Damage to underground utilities during construction results in undesirable consequences to contractors, project owners and citizens. These consequences include construction delays, design changes, claims, property damages, service breakdowns, disruption of neighboring business and even injuries and lost lives. Subsurface utility mapping is becoming an essential process to reduce the adverse effect before construction starts. Since records about utility positions are virtually nonexistent, or often incomplete and inaccurate with errors as high as 15-30% (Stevens and Anspach 1993), the ability to physically determine on-site the location, nature and depth of underground utility services is critical.

However, a wide variety of geophysical imaging technologies and different application conditions pose challenges in selecting appropriate imaging technologies for the successful identification of underground utilities. Hence, it is necessary to design a decision tool in order to provide site engineers/technicians, who do not have good knowledge about the theory and applications of each imaging method, with a user-friendly tool for selecting appropriate imaging technologies.

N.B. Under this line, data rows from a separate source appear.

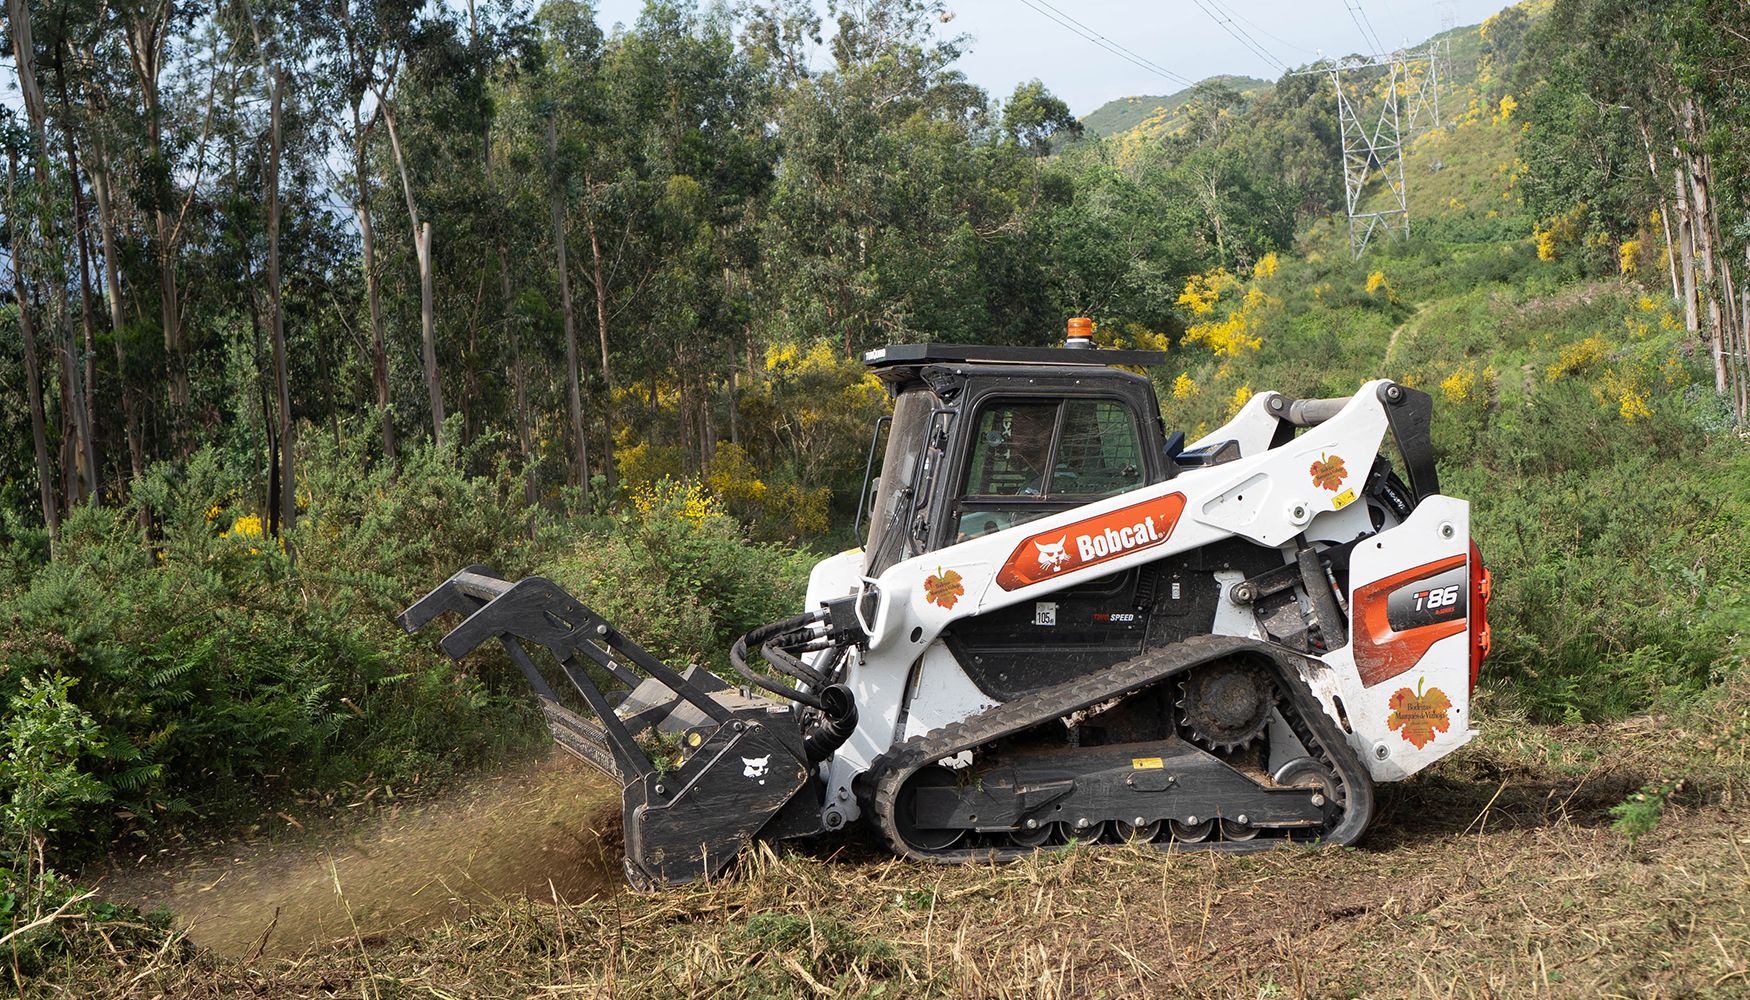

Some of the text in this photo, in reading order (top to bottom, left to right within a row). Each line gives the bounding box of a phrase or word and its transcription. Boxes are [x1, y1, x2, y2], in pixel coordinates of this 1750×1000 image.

[1076, 516, 1158, 562] Bobcat
[1413, 585, 1459, 611] T86
[1038, 612, 1050, 624] 105
[1093, 613, 1134, 621] TWO SPEED
[1407, 702, 1431, 711] Bodegas

A propane gas pipe explosion that injured three workers (Kemah TX, 1998)

A city water department worker trying to stem the flow from a water main damaged by a backhoe (AL, 1994)

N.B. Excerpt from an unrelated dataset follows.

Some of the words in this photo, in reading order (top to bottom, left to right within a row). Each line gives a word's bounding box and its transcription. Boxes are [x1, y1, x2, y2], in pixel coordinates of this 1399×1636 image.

A prototype computer decision tool, named IMAGTECH, was developed to assist in selecting the most appropriate imaging technologies to locate underground utilities. This dialog based computer application in a Microsoft Windows environment is an output of the research “Imaging and Locating Buried Utilities” under the Joint Transportation Research Program (JTRP) at Purdue University, IN, funded by the Indiana Department of Transportation (INDOT). The major objectives of this study were (a) to identify, through literature review and case studies, the state-of-the-art and the state-of-the-practice imaging technologies that have potential for being applied in locating underground utilities, and (b) to analyze the conditions under which the use of these technologies is most appropriate because not all technologies can locate all types of utilities, or be used in all types of soil or at all depths.

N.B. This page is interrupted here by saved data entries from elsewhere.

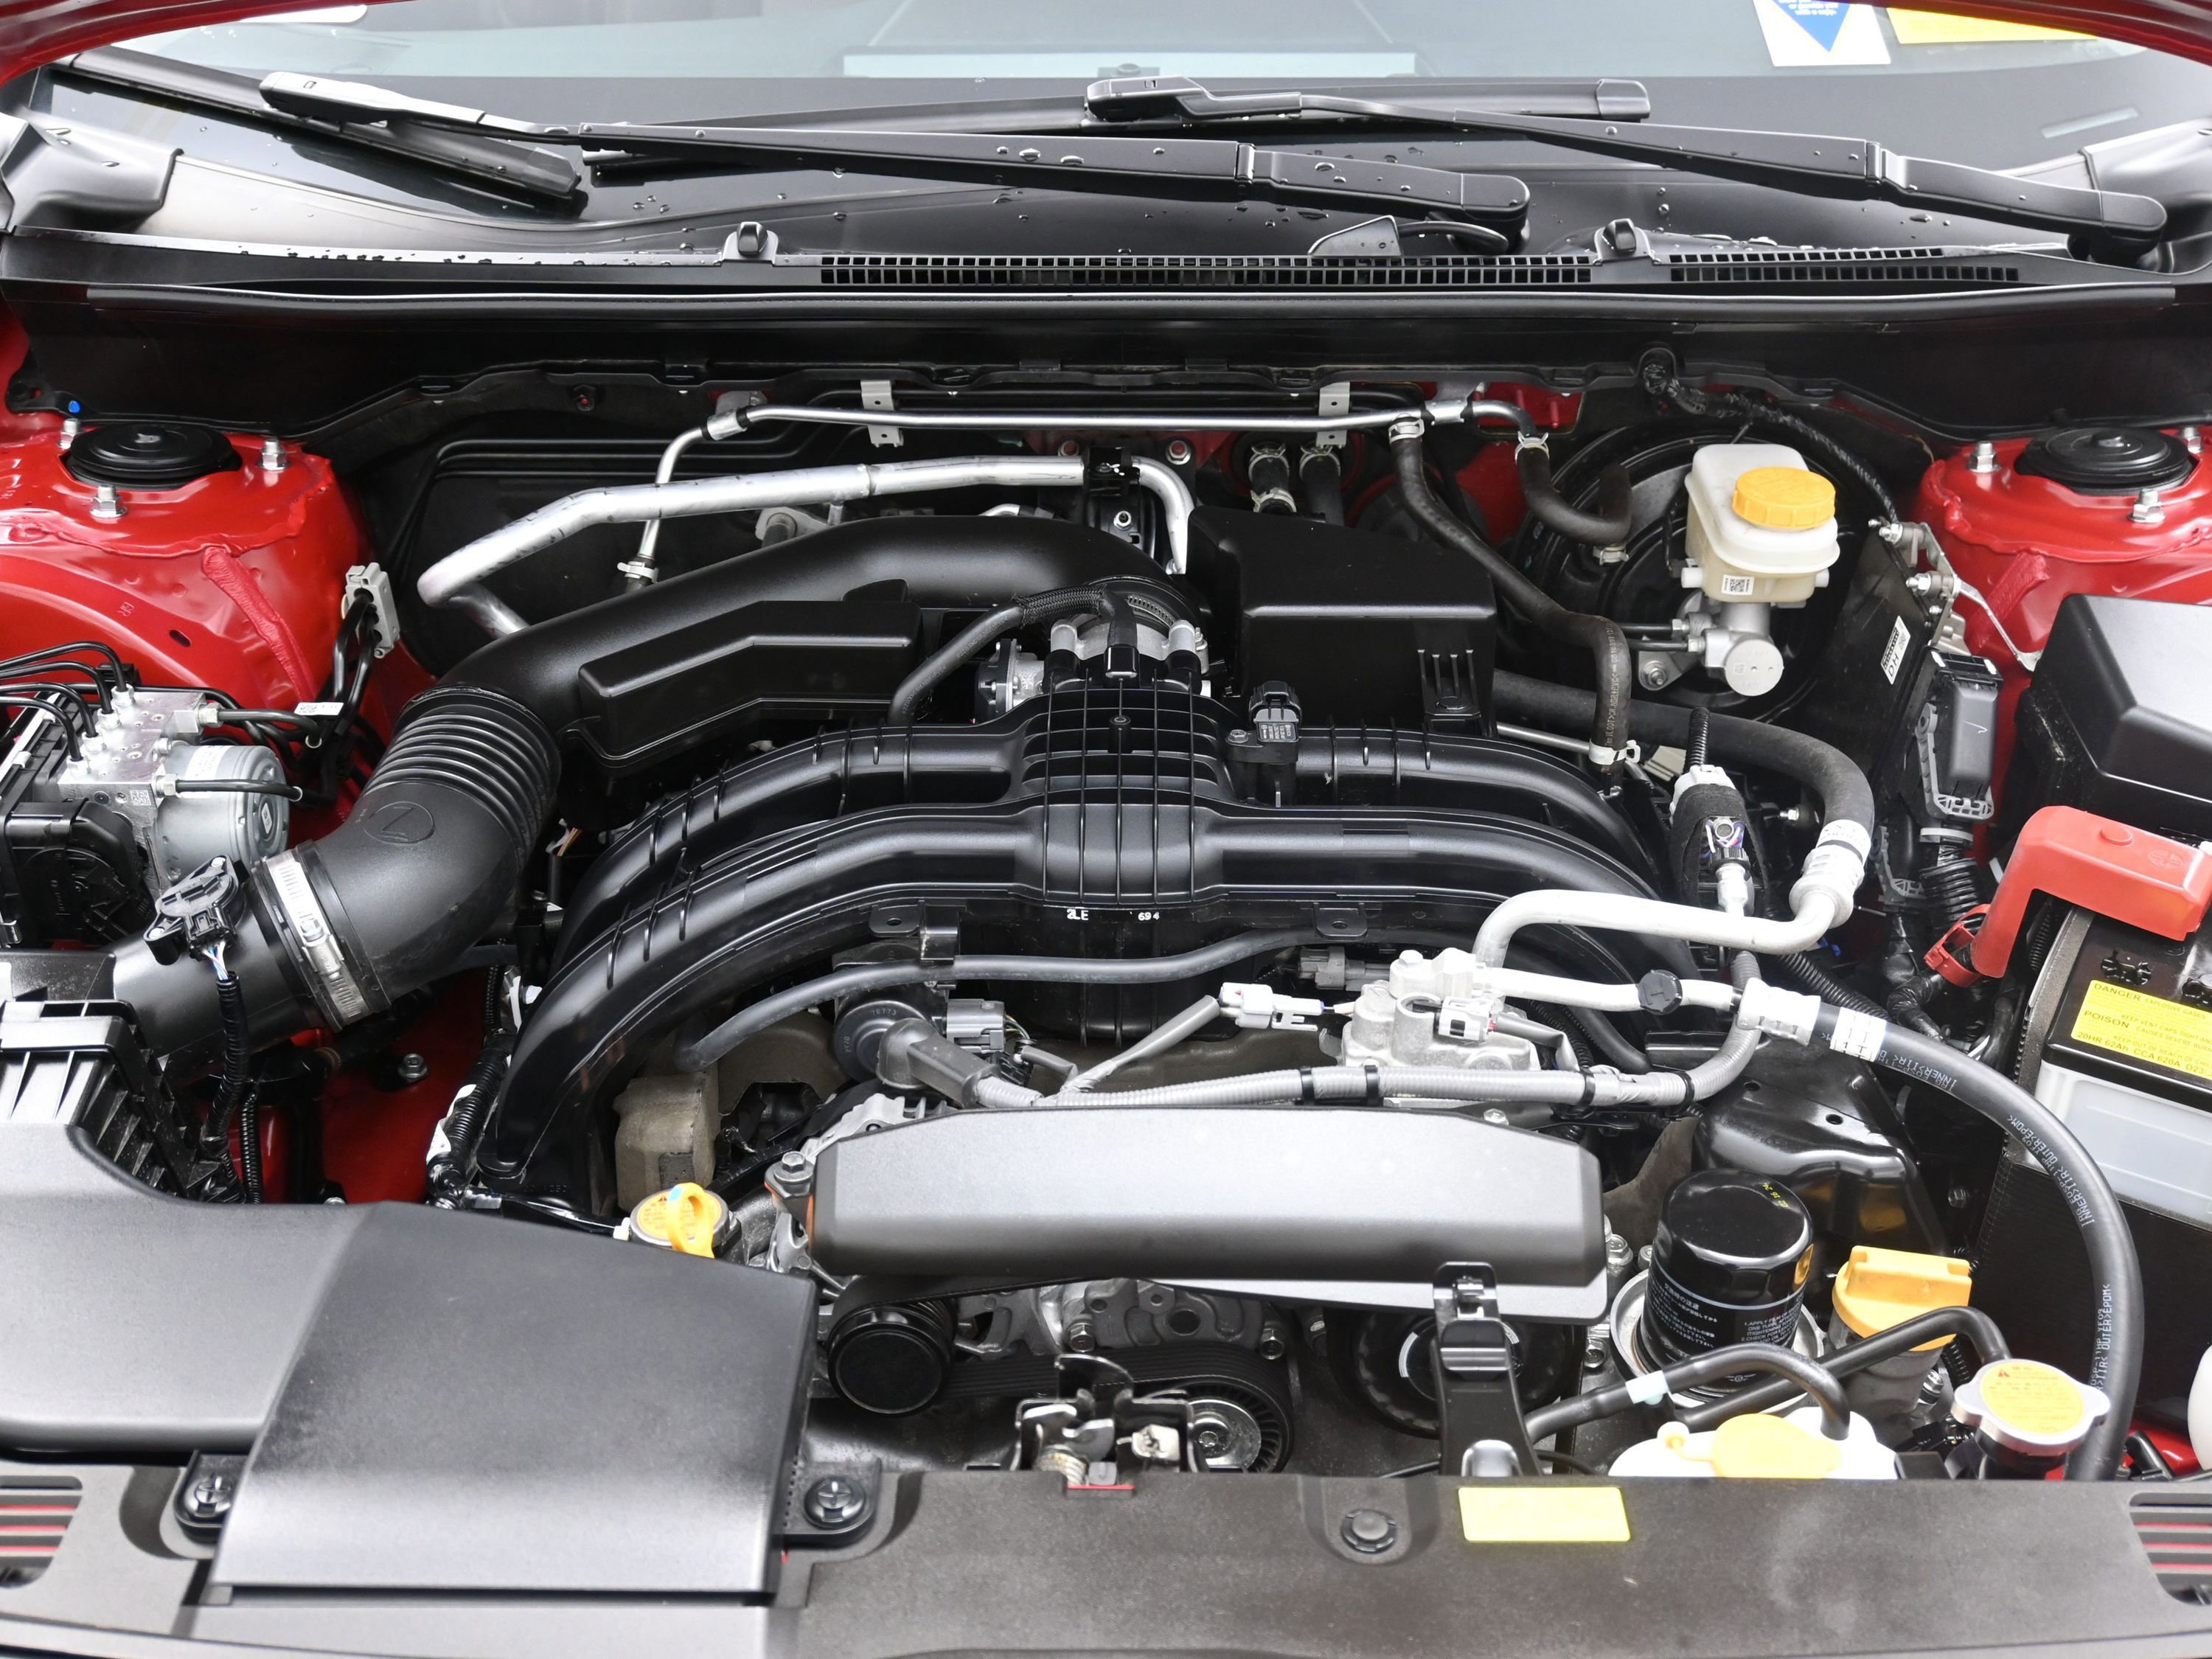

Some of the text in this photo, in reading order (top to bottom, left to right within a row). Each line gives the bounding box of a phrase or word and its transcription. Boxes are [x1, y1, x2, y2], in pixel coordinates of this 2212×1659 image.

[1138, 911, 1160, 921] 694
[2094, 983, 2141, 1001] DANGER
[2145, 998, 2180, 1013] EXPLOSIVE
[2183, 1009, 2206, 1019] GASES
[2084, 1010, 2130, 1029] POISON
[2136, 1026, 2163, 1038] CAUSES
[2140, 1019, 2157, 1028] VENT
[2160, 1025, 2177, 1034] CAPS
[2077, 1032, 2103, 1044] 20HR
[2104, 1040, 2129, 1052] 62Ah
[2133, 1048, 2154, 1060] CCA
[2157, 1056, 2180, 1068] 620A
[2132, 1040, 2147, 1048] OUT

Figure 1 displays the system architecture of IMAGTECH.

Figure 1. System Architecture of the IMAGTECH.
 

The first stage in this process seeks information about the available type of equipment by the utility locating team. This process enables the system to limit candidate imaging technologies to only selected equipment based methods. Site conditions and utility features are also specified during the target case entry process. A comprehensive analysis of the characteristics of each imaging technology and available information that site engineers can obtain from as-built drawings and site visits led to identification of ten significant criteria that are fundamental for the selection of appropriate imaging technologies. These criteria include:

• Type of utility

• Material of utility

• Joint type of metallic utility

• Special material for detection

• Access point of utility

• Ground surface condition

• Internal state of utility

• Soil type

• Approximate depth of utility

• Diameter/depth ratio

The “not known” option can be selected for each criterion if specific data regarding that criterion is not available to the user. In such cases, the Reliability Index (RI) for each case is lowered since a neutral value is assigned to the criterion.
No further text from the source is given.